With more devices, services, and users to manage today, enterprises face more security risk, as these are targets for unauthorized access. Ineffective access management is risky for compliance (especially the increasing domestic and international privacy regulations) as well as security. Missing or poor access management can lead to damages from both external and internal threats. So, it’s clear to see why per-user analytics are sought-after security tools.

Unknown benefits: User analytics essential for the autonomous network

Security is such a hot topic today that IT leaders often miss the lesser known advantages of per-user analytics. As the data set that feeds network decision making and automated control, identity information is considered one prerequisite for intent-based networking policies and the autonomous (“self-driving”) networks. They serve as a foundational element for the future.

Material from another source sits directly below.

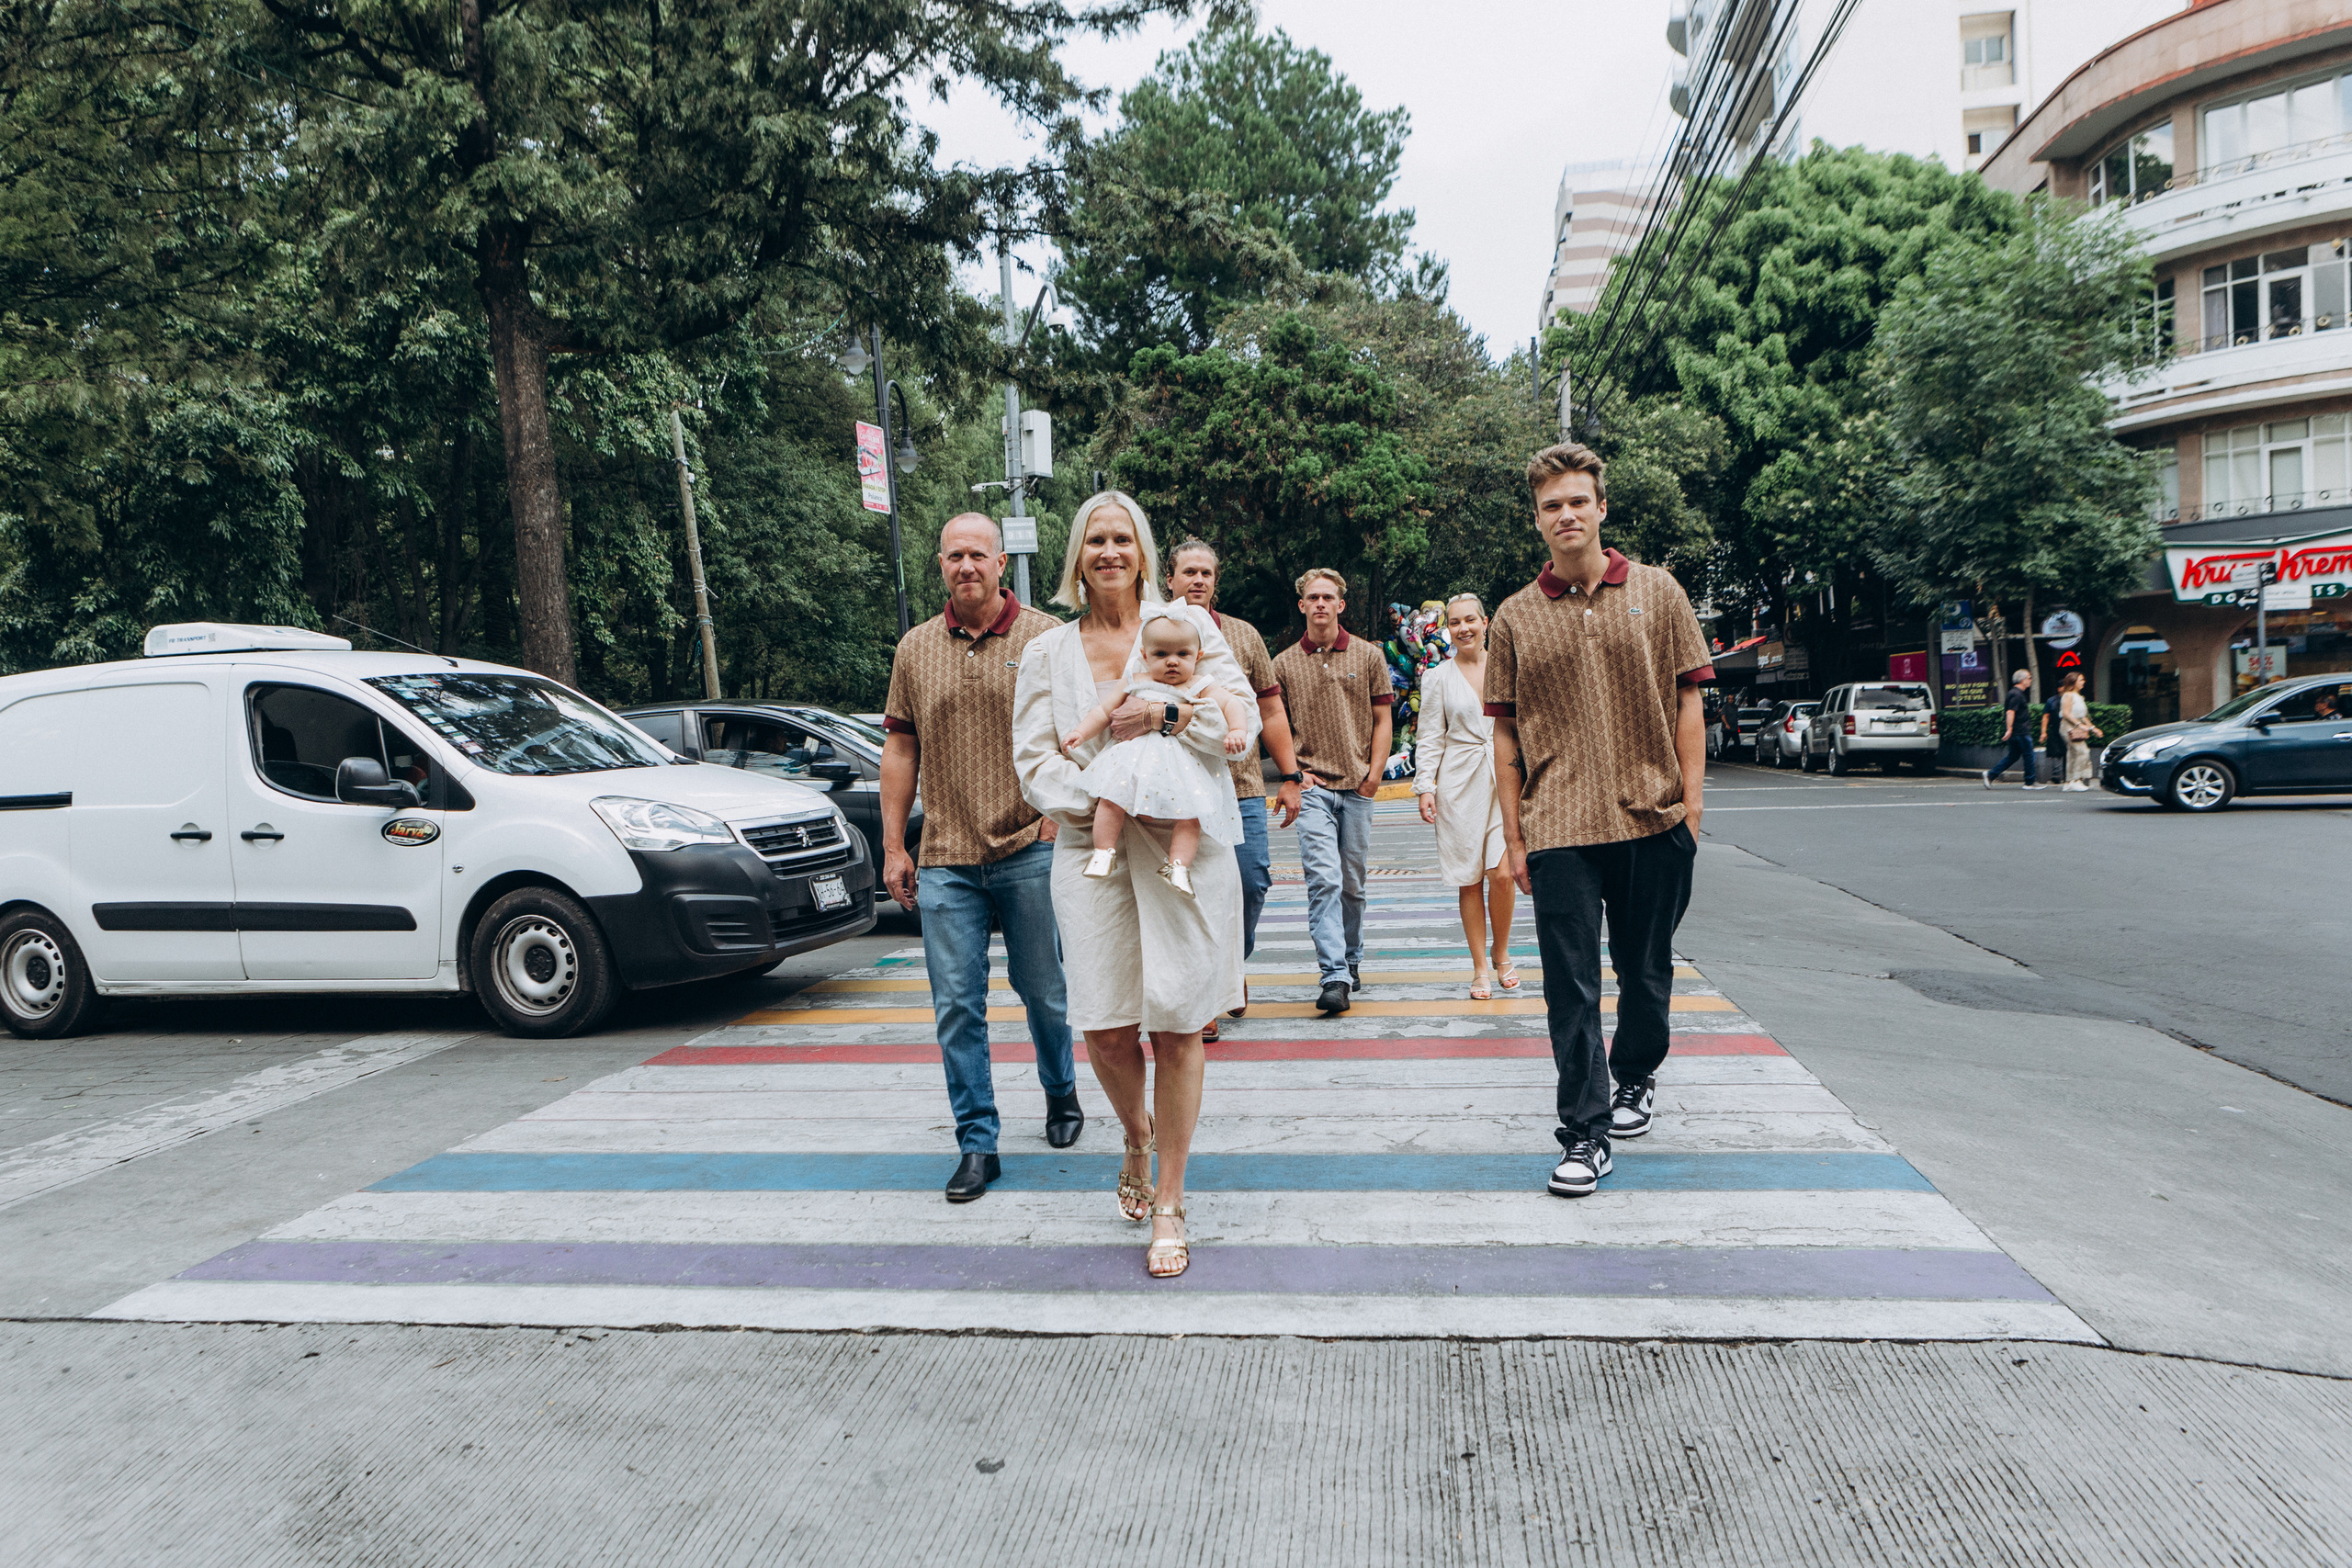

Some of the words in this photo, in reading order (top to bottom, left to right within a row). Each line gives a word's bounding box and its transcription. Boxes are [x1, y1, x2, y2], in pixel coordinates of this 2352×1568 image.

When autonomous networks (and their centralized management portals) include per-user analytics, you will be able to give the network your high-level business needs and it will “understand” your intent regarding identity access management and bandwidth priorities per user. Moreover, the network will be able to monitor itself and modify underlying actions in ways that tune itself to your changing needs–and all in real time. Network service providers aiming to deliver on autonomous networking are focused today on checking these boxes. They are incorporating all the data analytics features needed to lay each stepping stone on a path toward total autonomy. Masergy serves as one such company.

Masergy’s SD-WAN includes per-user analytics

Masergy includes Identity-Based WAN Analytics in its comprehensive SD-WAN management portal. Whereas traditional SD-WAN offerings are limited to tracking IP traffic for entire sites, Masergy makes per-user analytics a standard offering inside its SD-WAN management portal.